Help is here for new parents

‘I love my baby, it’s just really, really hard’.

It’s a typical statement expressed by new parents who walk through the doors of the Agnes Unit at Latrobe Regional Hospital.

“It can be quite insidious,” nurse unit manager Christine Hoyne said of the struggles faced by new mothers.

“Women can feel okay at times and feel really low at other times and a lot of women will present really well for their 15 to 20 minute appointments with their GPs and maternal and child health nurses and then go home and just feel like they’re the only one in the world that is feeling this way.

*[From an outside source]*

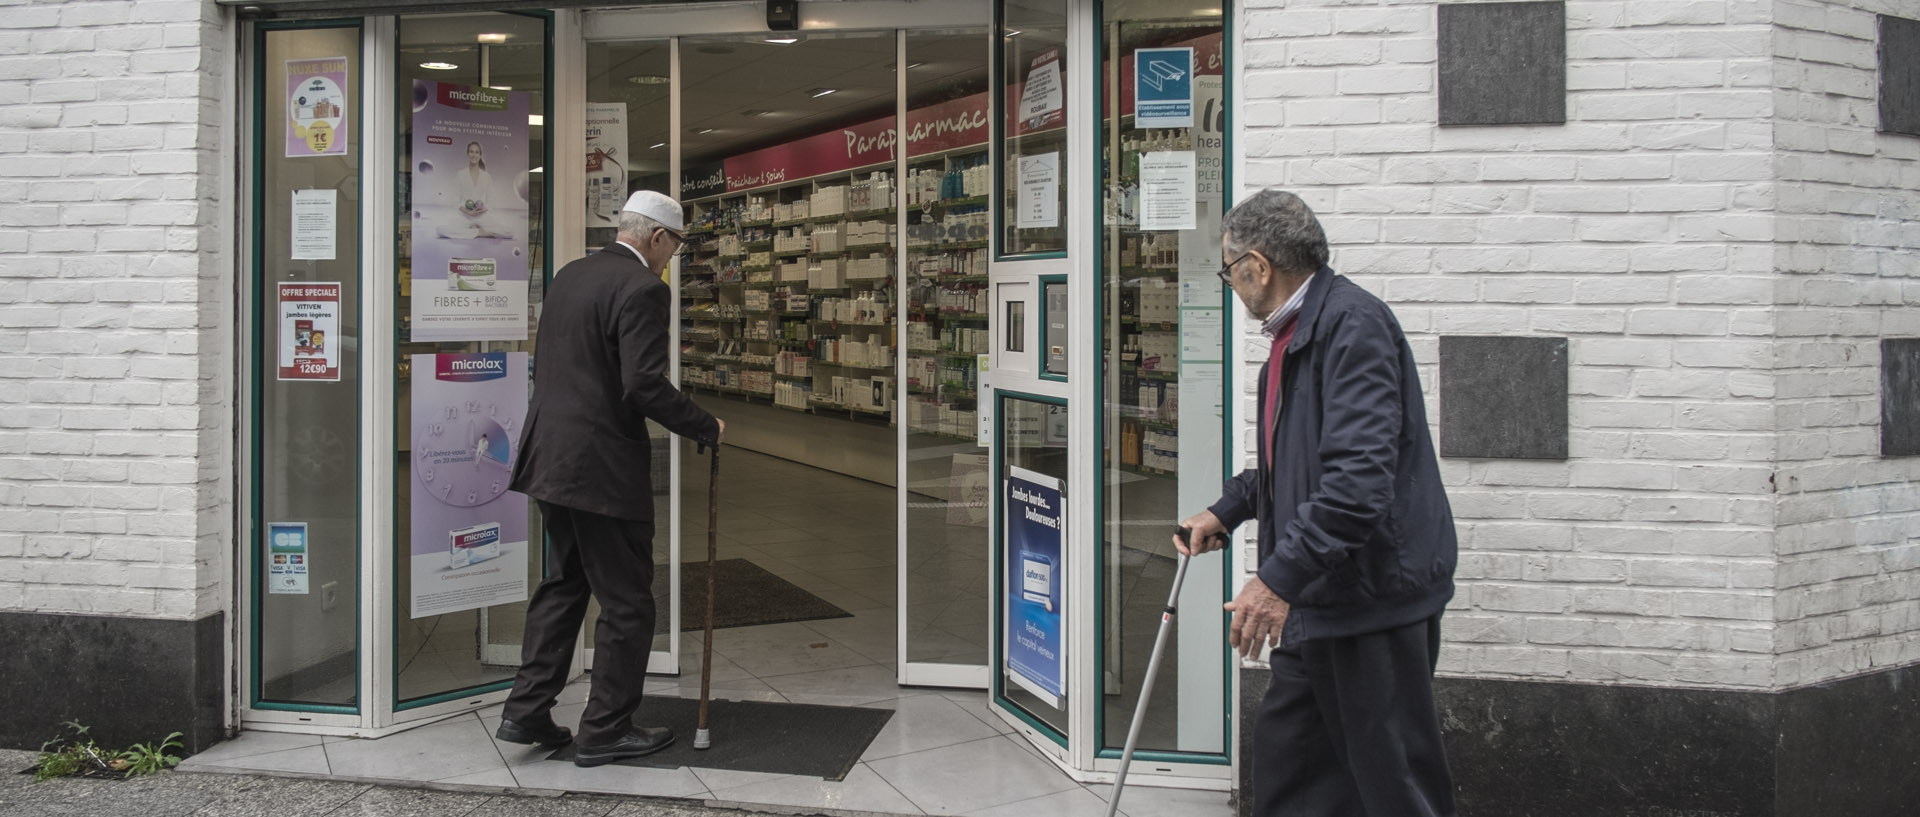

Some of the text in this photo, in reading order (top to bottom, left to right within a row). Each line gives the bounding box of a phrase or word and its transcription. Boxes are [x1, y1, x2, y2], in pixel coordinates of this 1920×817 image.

“Then they come in here and realise there’s other mothers just like them.”

It is named in the same vein as any ward at LRH.

But the Agnes Parent and Infant Unit is not clinical in feeling.

It is a place parents from across Gippsland and their babies of up to 12 months old can stay for extra support, 24 hours a day.

While the service does cater for parents who may be experiencing mild to moderate symptoms of postnatal depression or anxiety, Ms Hoyne said those who used the service did not have to be diagnosed with a mental health issue.

“Perhaps you’re just not enjoying your baby like you thought you would be, or you’re overwhelmed and exhausted,” Ms Hoyne said.

“We’d rather get in early and help people and usually parents will come in for a week, go home on the weekend and come back for a second week. But we’re flexible with that.

“It’s pretty confronting thinking ‘I might go somewhere for a residential stay’ but what we’ve found is, once mums come in, they’re really relaxed and don’t want to go home.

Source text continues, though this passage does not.